> **The input**:

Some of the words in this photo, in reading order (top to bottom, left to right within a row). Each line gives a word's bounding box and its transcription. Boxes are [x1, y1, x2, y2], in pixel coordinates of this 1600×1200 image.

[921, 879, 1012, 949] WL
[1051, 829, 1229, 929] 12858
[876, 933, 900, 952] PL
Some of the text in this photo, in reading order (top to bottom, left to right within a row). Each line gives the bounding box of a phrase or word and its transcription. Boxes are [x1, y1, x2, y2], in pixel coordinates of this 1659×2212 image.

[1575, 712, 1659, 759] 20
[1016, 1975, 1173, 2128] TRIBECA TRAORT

> **Task to complete**: From the line containing "Some of the text" down to the last line of the material, each line is to be retyped exactly; no other lines belong in the answer.

> **Result**:
Some of the text in this photo, in reading order (top to bottom, left to right within a row). Each line gives the bounding box of a phrase or word and its transcription. Boxes are [x1, y1, x2, y2], in pixel coordinates of this 1659×2212 image.

[1575, 712, 1659, 759] 20
[1016, 1975, 1173, 2128] TRIBECA TRAORT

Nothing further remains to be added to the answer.